The RTO, the branch of the services which arranges travel for service personnel, were, as usual, superbly organised. In accordance with information recorded during the voyage, travel warrants were ready for us when we disembarked.

I will never forget the train ride from Southampton to London. It was mid October, and the sun was shining through the trees which were shedding their orange, yellow and gold leaves along the railway track. It was the most beautiful sight I had ever seen and, as the train steamed into London, I wondered – what now?

Fifty years later I read in the memoirs that Tom had written, as his contribution to the history of the RAF Police, that he had been given a choice of posting in 1949. He could have gone to Germany, a nice civilised place to take a baby, Singapore, which was considered a very good posting, or that hell hole Egypt. He wrote that he had chosen Egypt because so many of his mates were serving there! It had never entered his mind that it was something we should discuss. So many years had passed since then, but the knowledge that he had chosen to take us there made me angrier than I could have imagined.
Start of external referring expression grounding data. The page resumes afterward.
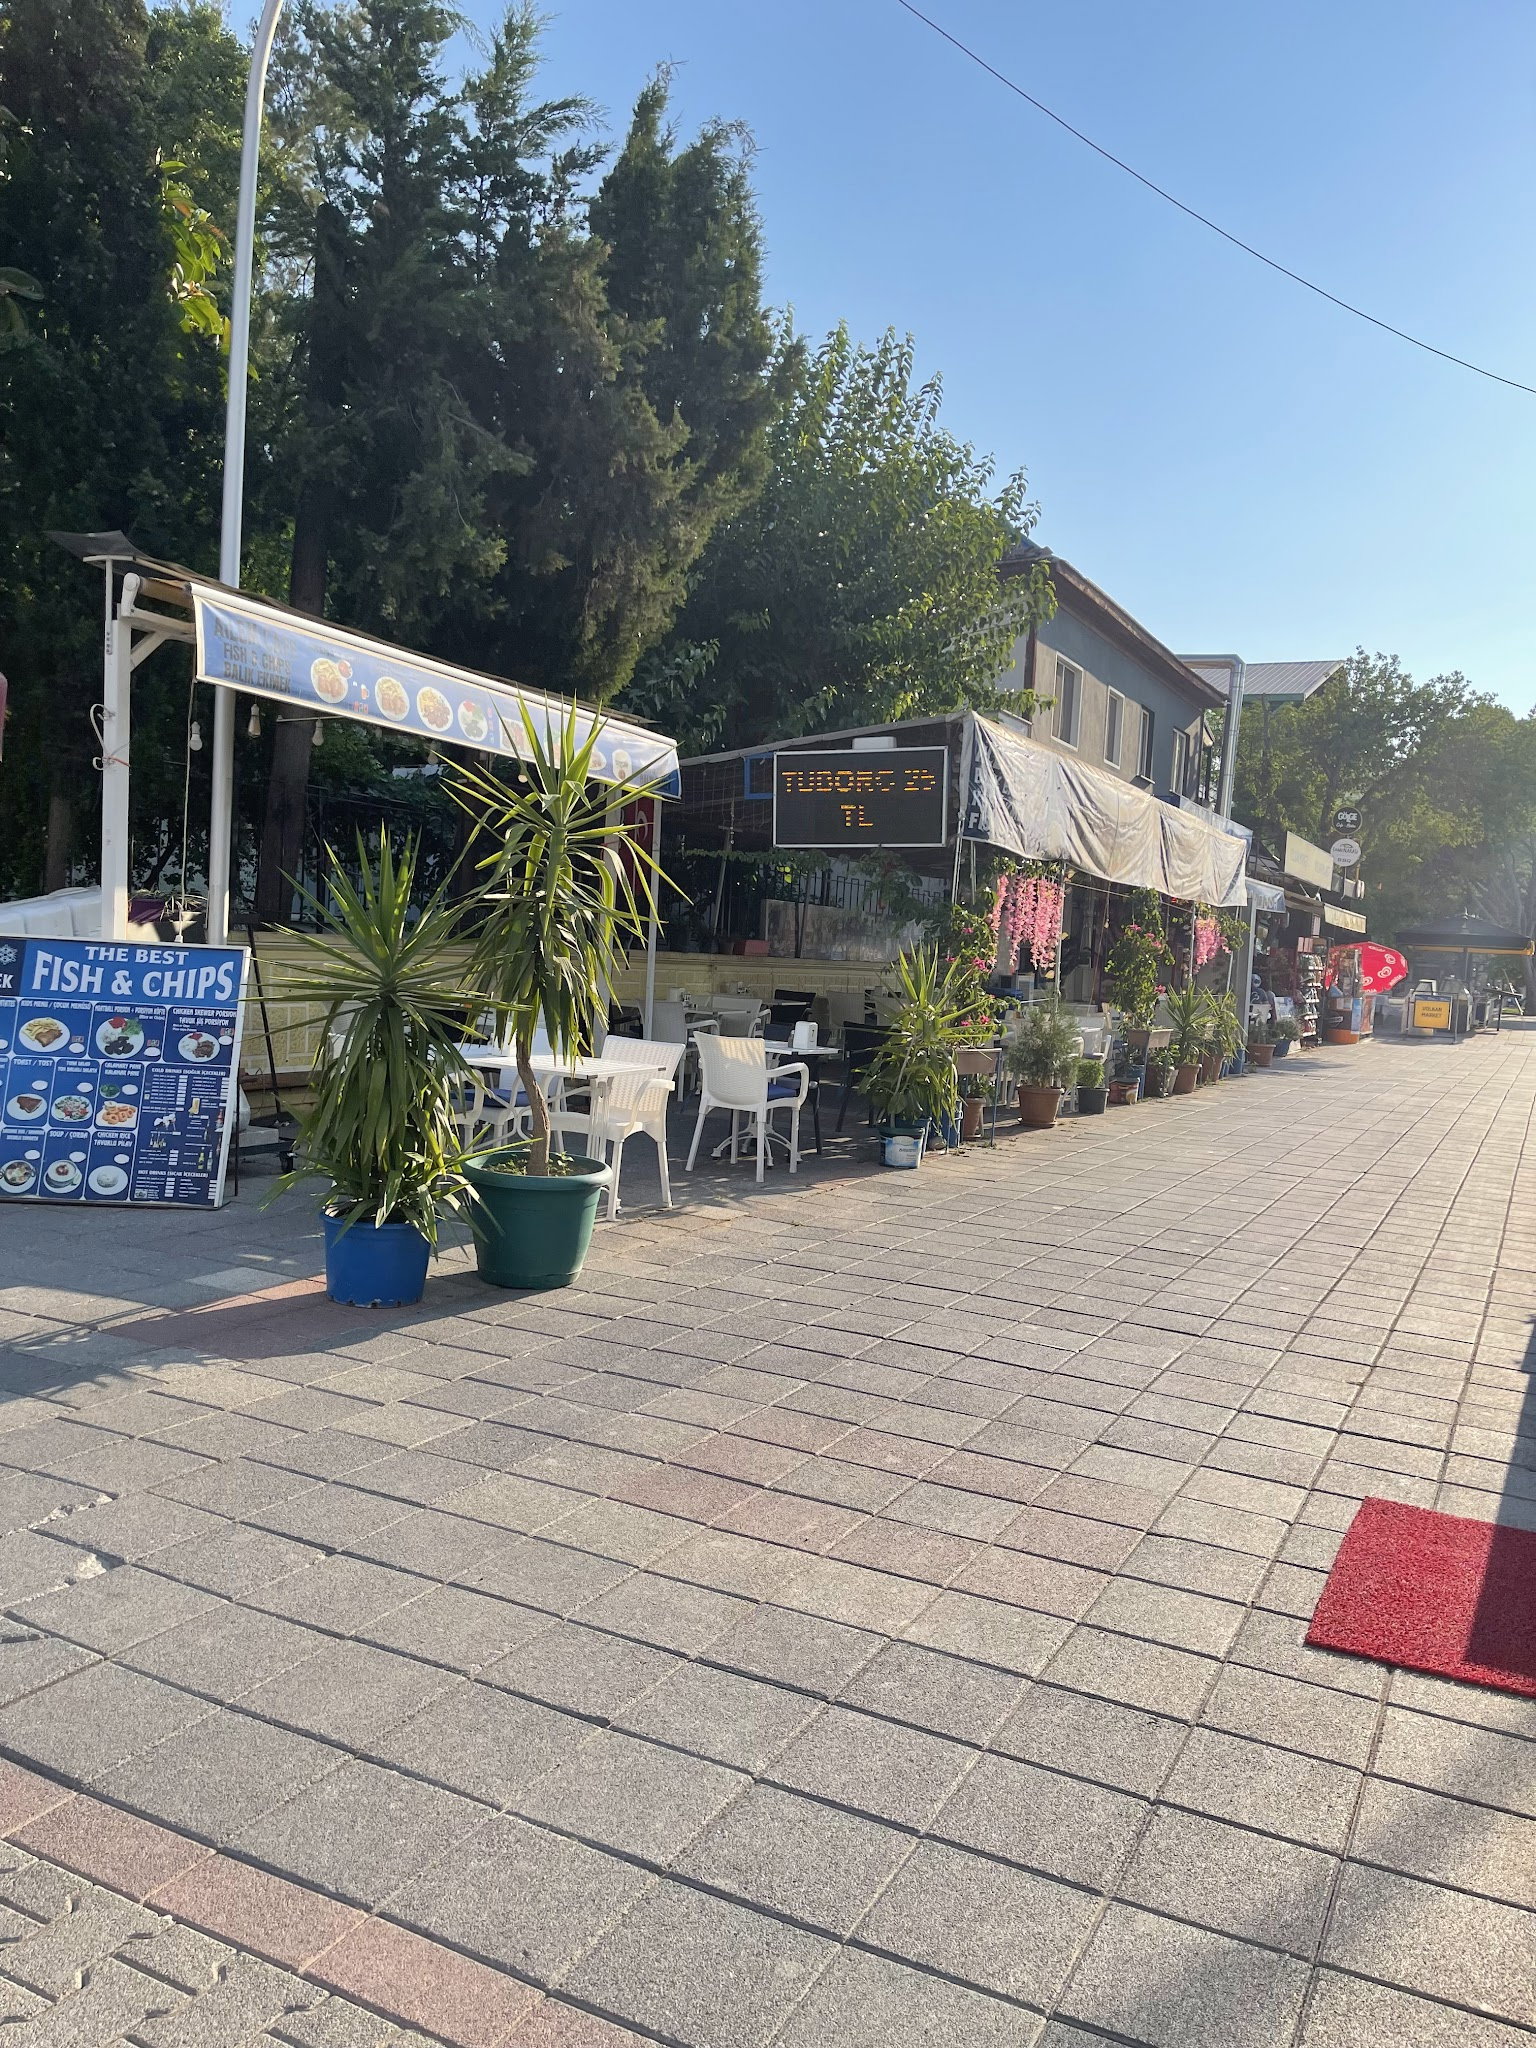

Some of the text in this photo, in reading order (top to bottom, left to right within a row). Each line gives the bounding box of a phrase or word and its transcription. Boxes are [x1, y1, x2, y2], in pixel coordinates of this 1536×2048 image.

[224, 643, 247, 662] FISH
[781, 770, 895, 792] TUBORG
[840, 804, 874, 827] TL
[85, 946, 190, 965] THE BEST
[32, 950, 234, 1001] FISH & CHIPS
[173, 1007, 193, 1016] CHICKEN
[194, 1009, 214, 1017] SKEWER
[14, 1058, 32, 1066] TOAST
[38, 1059, 53, 1067] TOST
[97, 1131, 118, 1139] CHICKEN
While we were in Egypt my father had bought Maviswood, 34 Manor Road, Westcliffe on Sea, a large bed and breakfast boarding house, I think father had the idea that Maviswood would be both home and business and would support him in his retirement. In fact it was a treadmill for mother and only supported father’s drinking and gambling.
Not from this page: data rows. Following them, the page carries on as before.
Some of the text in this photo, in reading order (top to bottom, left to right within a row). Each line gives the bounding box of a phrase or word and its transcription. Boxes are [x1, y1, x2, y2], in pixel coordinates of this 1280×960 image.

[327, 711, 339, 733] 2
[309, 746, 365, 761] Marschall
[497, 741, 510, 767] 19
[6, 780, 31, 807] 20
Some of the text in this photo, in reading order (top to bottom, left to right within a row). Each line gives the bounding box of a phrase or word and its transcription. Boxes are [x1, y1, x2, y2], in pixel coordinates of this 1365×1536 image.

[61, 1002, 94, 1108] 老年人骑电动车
On the ground floor there was a kitchen, large family living room, small shop which sold mainly sweets, cigarettes, drinks and seaside stuff, a tea room and a very large lounge. The cupboard under the stairs had been turned into an office of sorts, that is to say there was a telephone in there where, after closing the door, father could phone his bookie. Upstairs were bedrooms and bathrooms but, almost sixty years on, I really cannot remember how many. There was no garden, just a car park for maybe six cars? The house faced the railway station; there were shops alongside and the beach at the end of the road. If you look up Maviswood on the Internet you will see that it is now a rest home for the elderly. It certainly was no rest home in October 1951! With the help of a “mornings cleaner”, mother was trying to run the whole show. Father was experiencing terrible pains in his legs, caused by poor circulation - the price of chain smoking for years - and did little apart from serving in the shop from time to time. He had a natural leaning towards dishonesty and had a trick of sticking a small magnet under the scale when he weighed out sweets so that he could make a toffee or two.
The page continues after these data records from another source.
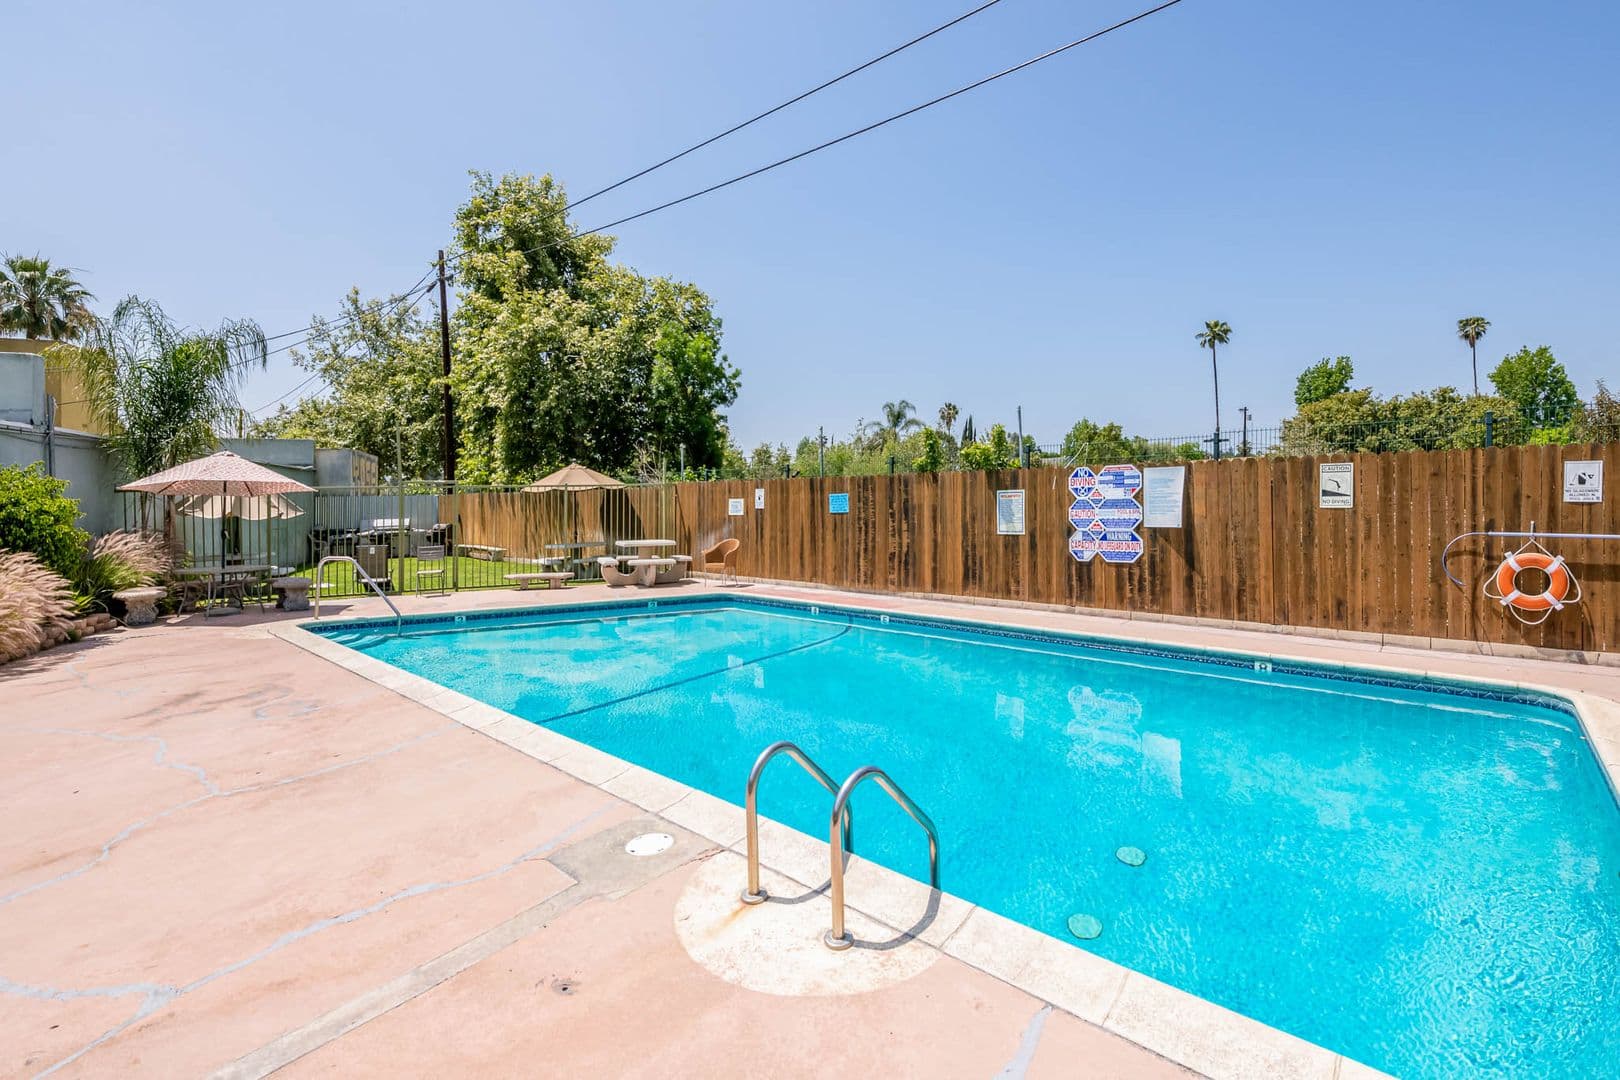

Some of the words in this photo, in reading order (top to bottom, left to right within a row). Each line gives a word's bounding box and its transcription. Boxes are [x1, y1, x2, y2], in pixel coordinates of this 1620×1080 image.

[1078, 467, 1089, 477] NO
[1070, 477, 1096, 487] DIVING
[1070, 509, 1096, 518] CAUTION
[1106, 531, 1132, 541] WARNING
[1071, 541, 1096, 550] CAPACITY
Tommy was a darling little boy and my mother adored him. Jeni just slept and Father was taken with her because, when she was awake and he whistled, she would smile. But it was not easy, being there, although Mother did everything she could to make life pleasant. Tired still from the jaundice, from having a baby, from the uncomfortable boat trip, helping with Maviswood and worrying about Tom, I was on a slippery slope. One afternoon I went upstairs to see if Tommy had woken from his afternoon nap and all I could see was red. He had found my lipstick and, without the aid of a mirror, had covered every bit of his face with red lipstick. There was red on the eiderdown, on his hands, everywhere, red. I grabbed the child and the lipstick, rushed downstairs, threw the empty lipstick holder on the fire and just lost it! I screamed at the bewildered little lad and at the world in general. Two pregnancies without family support, two births without friends around, or flowers, baby showers, and all the happiness and excitement usually associated with a new arrival, a serious illness and no home of my own, it was all more than I could handle.